Delray has gone through a glow-up in the last two decades. In it’s humble roots it was a quiet, artist’s beach town. I was born and raised in Delray and my family has lived in Delray from the 1940s (mom) and 1970s (dad). My father’s side were, and are, a group of artists, including visual arts, musicians, writers, dancers and sculptors who gathered in Delray. My paternal grandparents grew up in Miami and spent time living in the Bahamas creating art, playing music and running a nightclub. They returned to the Delray area to continue creating and raise their family. My mother’s parents came down to Delray in the 1940s after immigrating from southern Italy, and built a house and a gas station, taking root in the community.
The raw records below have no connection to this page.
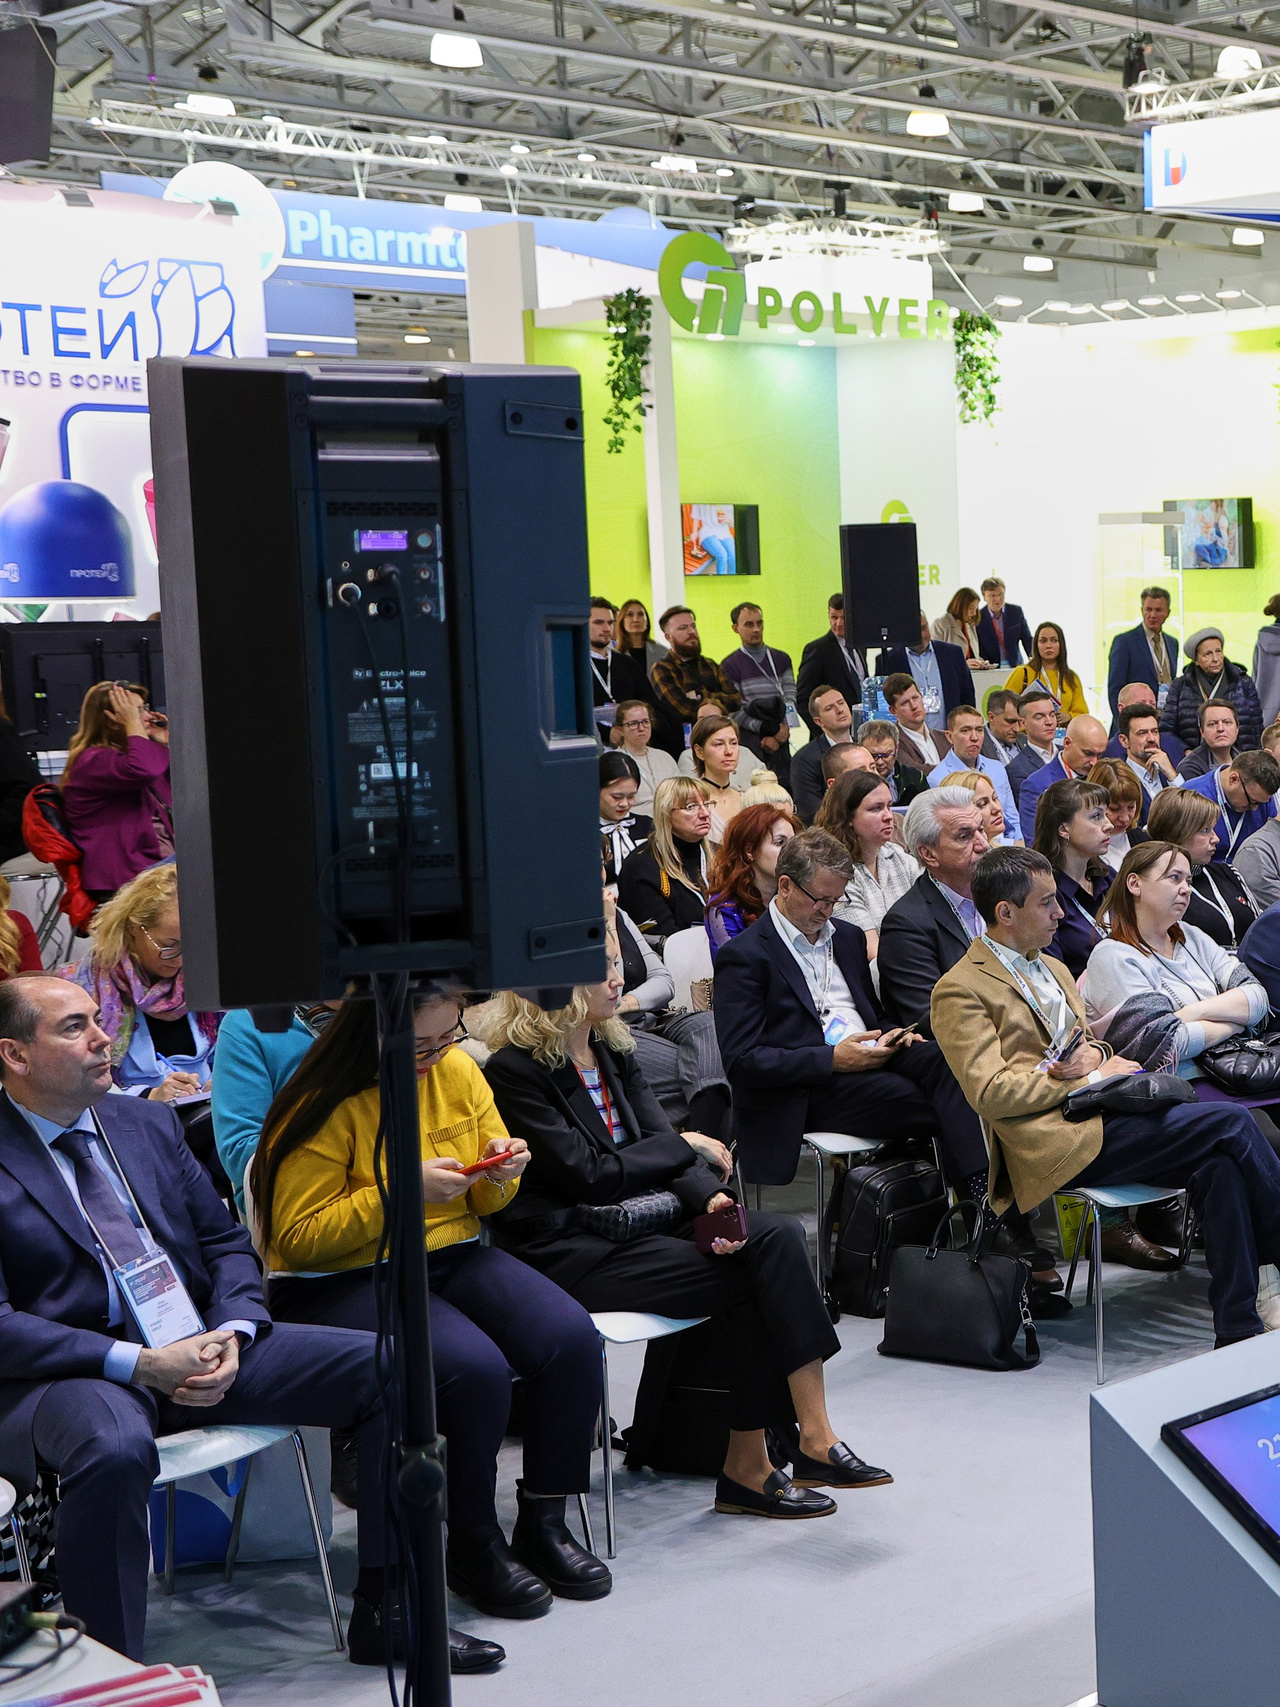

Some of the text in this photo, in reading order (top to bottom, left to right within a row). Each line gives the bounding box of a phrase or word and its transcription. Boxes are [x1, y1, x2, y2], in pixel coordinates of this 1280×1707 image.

[758, 286, 952, 341] POLYER
[50, 372, 61, 388] В
[70, 374, 142, 392] ФОРМЕ
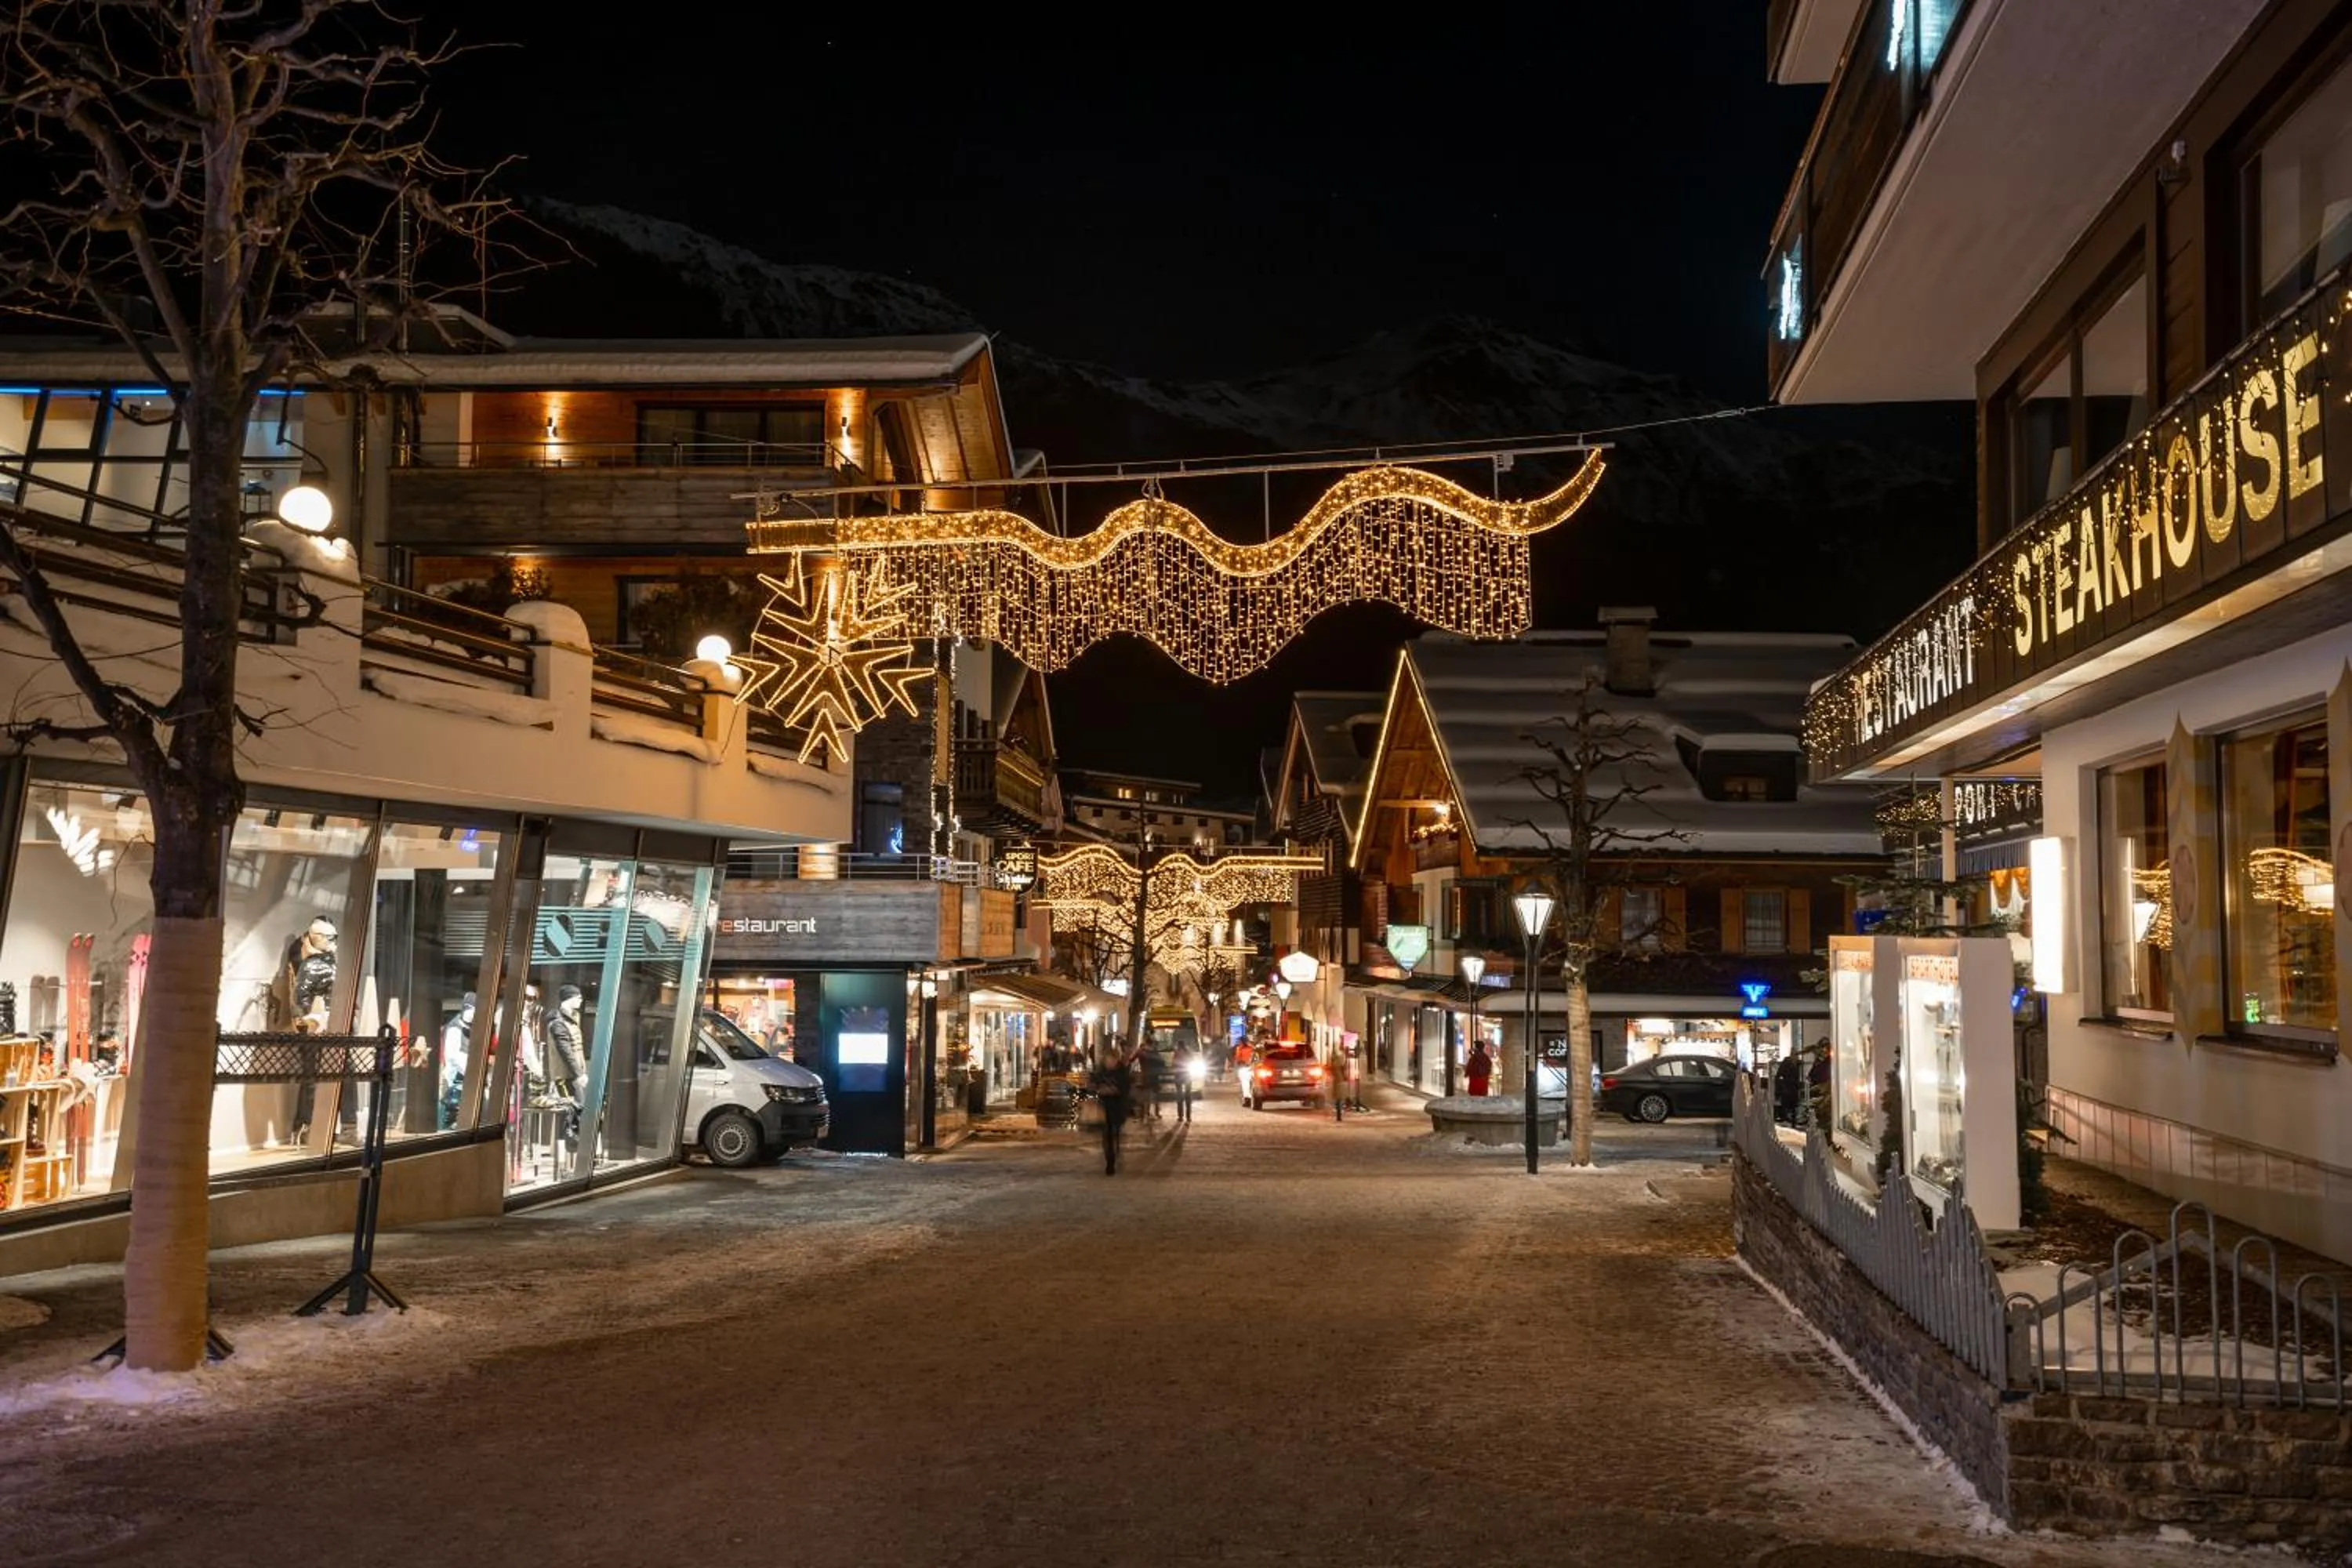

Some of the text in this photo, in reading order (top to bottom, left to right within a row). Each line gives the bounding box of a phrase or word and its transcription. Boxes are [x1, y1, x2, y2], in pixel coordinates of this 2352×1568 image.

[1853, 332, 2324, 746] RESTAURANT STEAKHOUSE
[996, 860, 1034, 872] CAFE
The community was eclectic and culturally rich, with island influences as well as Latinx culture from Cuba coming up through Miami. These emerging influences blended with the local early American families who started mass settling down in the swamp state starting in the 1920s.
It’s not surprising that this town gained popularity and grew due to it’s eclectic, bohemian roots and gorgeous weather, beaches, and an international charm.
Perhaps most importantly, 2,000 years ago South Florida was inhabited by Tequesta and Calusa tribes. Later, Apache, Ais, Mayaimi (sound familiar?), and Jaega tribes lived in and around the Everglades.
I will always take time in the beginning and the end of intensives to offer thanks and respect to the indigenous people and nature of the land.